(Beginning of Supplied data)
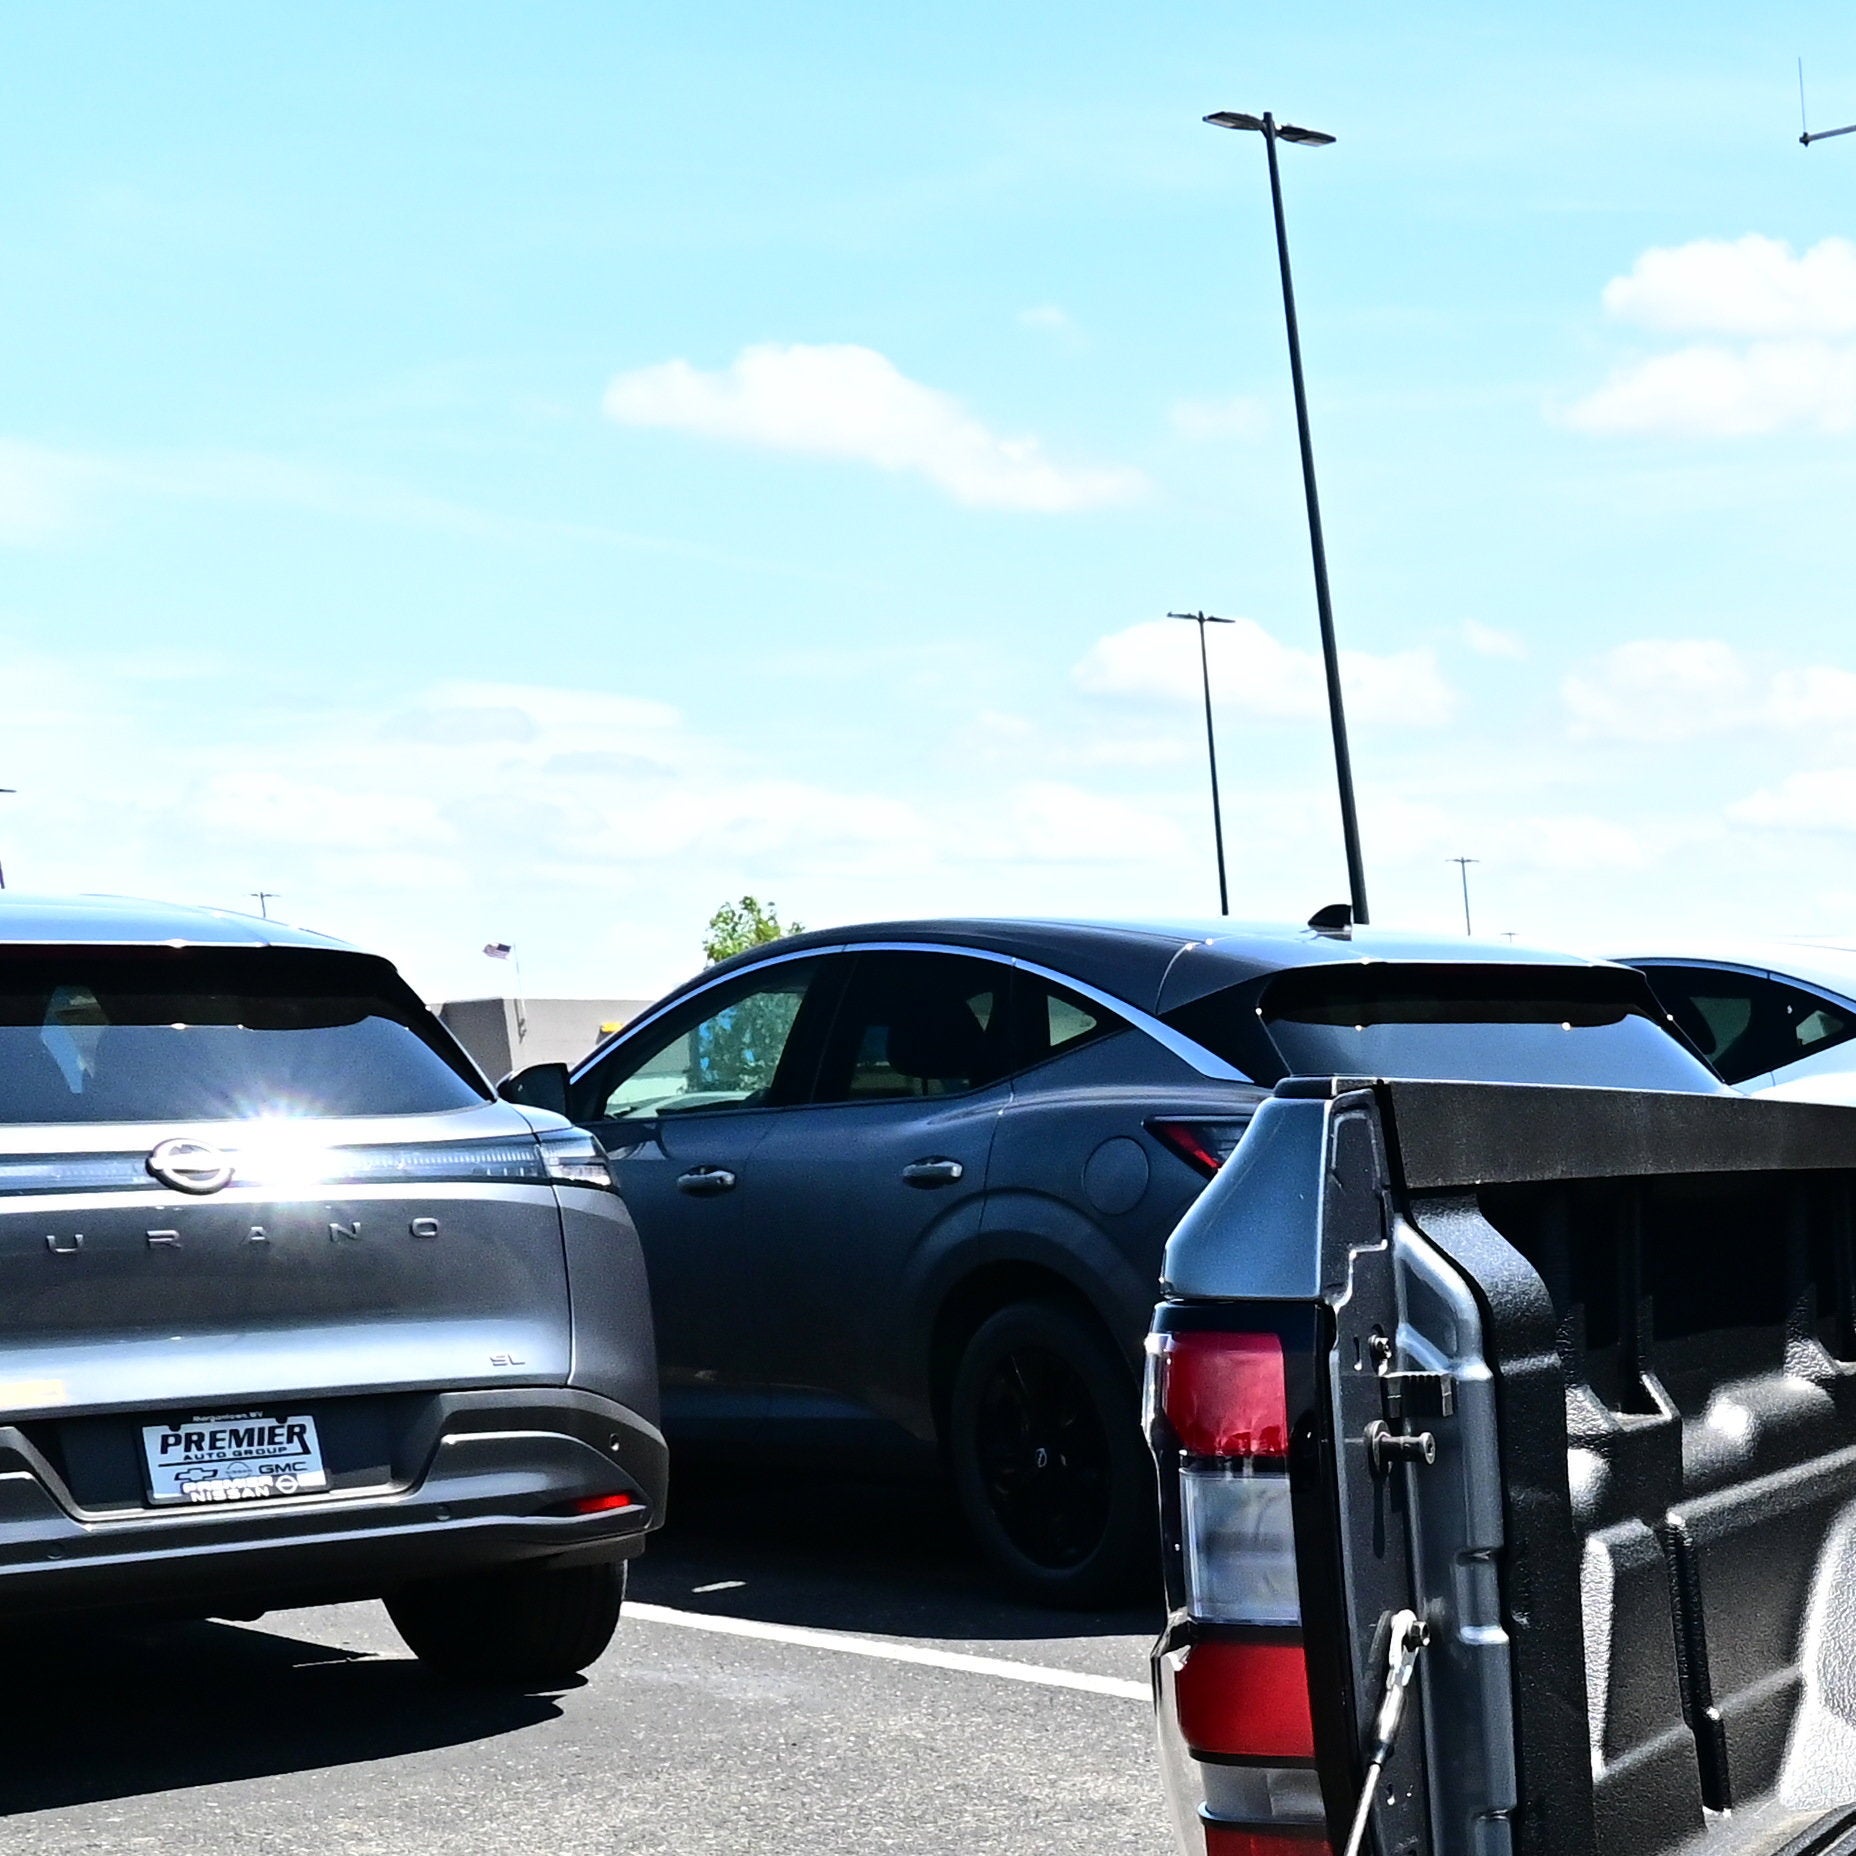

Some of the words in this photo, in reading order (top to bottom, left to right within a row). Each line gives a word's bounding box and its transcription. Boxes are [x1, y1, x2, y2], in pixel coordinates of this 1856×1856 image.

[489, 1353, 526, 1366] SL
[160, 1423, 312, 1455] PREMIER
[183, 1451, 225, 1461] AUTO
[231, 1446, 288, 1457] GROUP
[258, 1461, 308, 1475] GMC
[190, 1485, 270, 1502] NISSAN
(End of Supplied data)
Retype the listing exactly. Leave out its pictures.

# Response to the task:
Some of the words in this photo, in reading order (top to bottom, left to right within a row). Each line gives a word's bounding box and its transcription. Boxes are [x1, y1, x2, y2], in pixel coordinates of this 1856×1856 image.

[489, 1353, 526, 1366] SL
[160, 1423, 312, 1455] PREMIER
[183, 1451, 225, 1461] AUTO
[231, 1446, 288, 1457] GROUP
[258, 1461, 308, 1475] GMC
[190, 1485, 270, 1502] NISSAN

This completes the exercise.